Seinen Ruhm begründete jedoch ein poetisches Werk, die "Visio Wettini", welches in über 900 Hexametern die Jenseitsvisionen seines Lehrers Wetti nach einer Prosafassung des Confraters Heito beschreibt. (Wetti hatte in der Nacht vom 2. auf den 3. November 724, schon auf dem Sterbebette liegend, zwei Traumvisionen. Darin wird er von einem Engel durch das Jenseits geleitet und über Sündenstrafen Verstorbener sowie über Bußwerke und Gebetshilfe für die Armen Seelen belehrt. In den Visionen wurden dem Wetti auch endzeitliche Schrecken wie Hungersnot und Pestilenz drastisch vor Augen gestellt.)

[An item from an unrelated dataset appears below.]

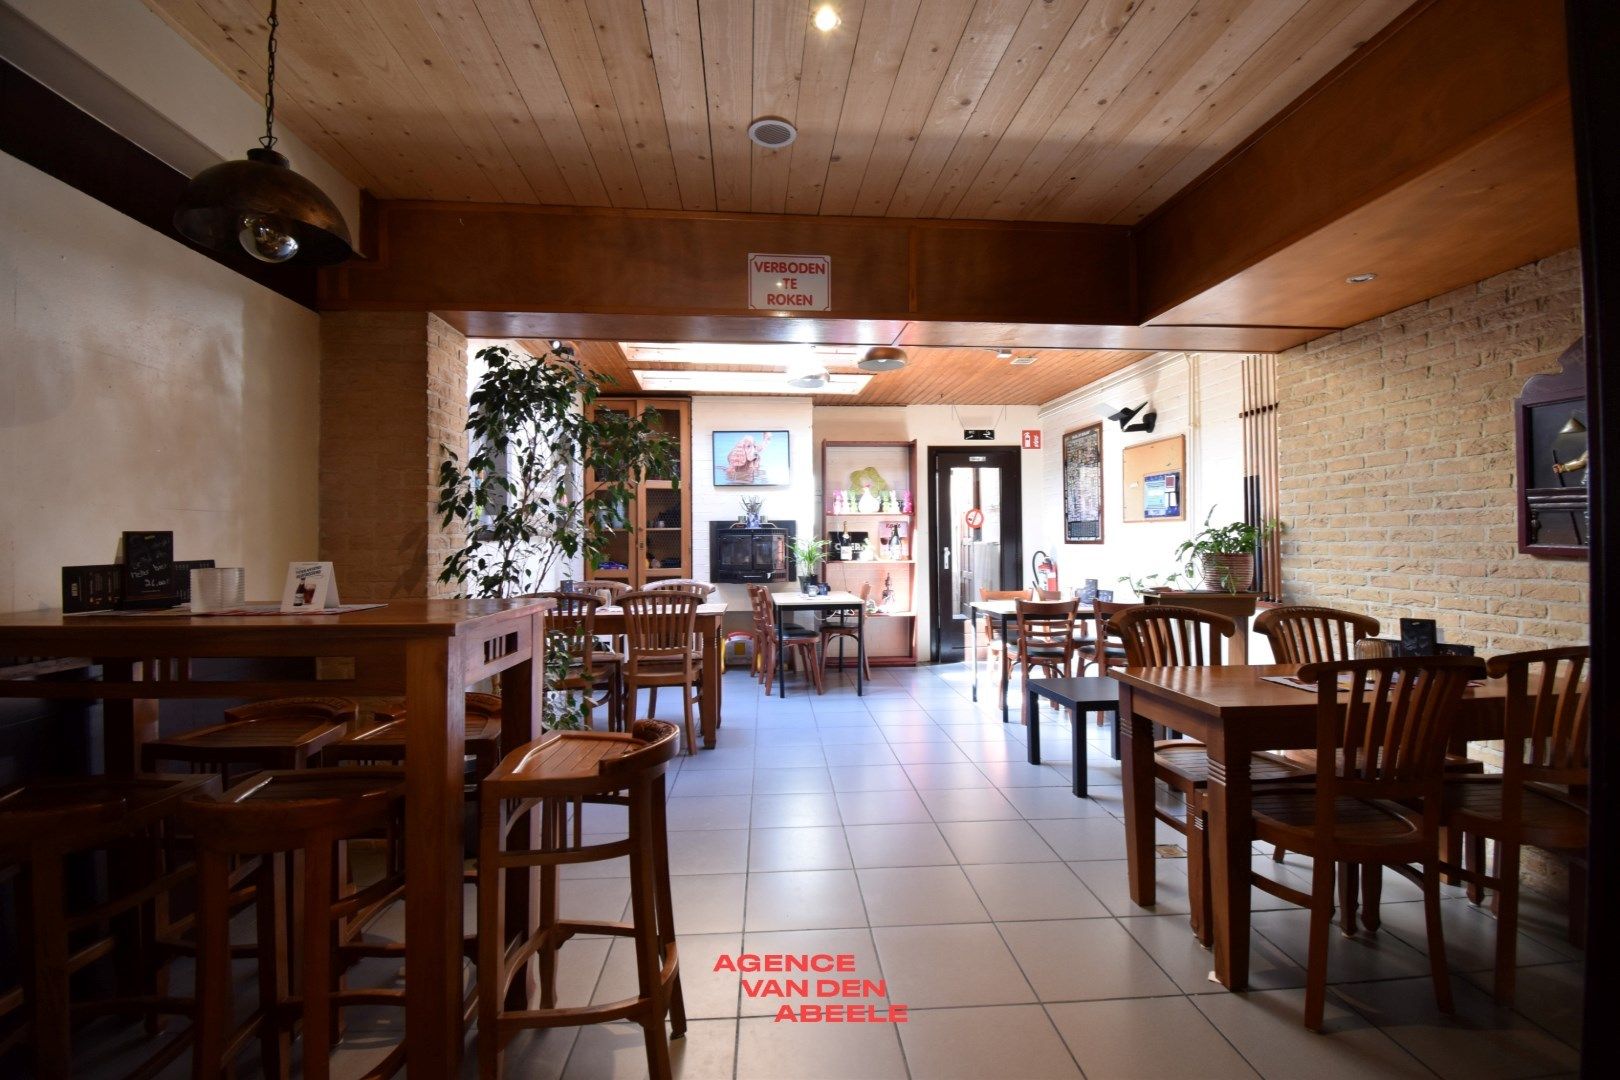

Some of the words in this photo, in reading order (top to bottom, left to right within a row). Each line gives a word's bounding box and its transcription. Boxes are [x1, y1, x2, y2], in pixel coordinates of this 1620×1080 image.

Der sog. "Hortulus" (eigtl. "Hortulus Monasterii S. Gallensi Abbati Grimaldo inscriptus") oder "Liber de cultura hortorum" ist eines der ersten Lehrbücher zum Gartenbau, ebenfalls in Hexametern abgefasst. Das Gedicht im Stile Vergils beschreibt Anbau und Pflege der Zier-, Heil-, Würz- und Speisepflanzen des Klostergartens, behandelt pharmakognostisch-pharmakologische Fragen und lobt die Gartenarbeit als eine Form der "vita tranquilla".
Die dem Wahlafrid wohl zu Unrecht zugeschriebene, jedoch von seinem Denken beeinflusste "Glossa ordinaria" war einer der einflussreichsten Bibelkommentare des MA.
Seine Überarbeitung von Einhards "Vita Caroli Magni", eine Vita Ludwigs des Frommen, eine St. Gallus-Vita und die Vita Otmars von St. Gallen, sowie eine Abhandlung über Liturgie runden sein Werk ab.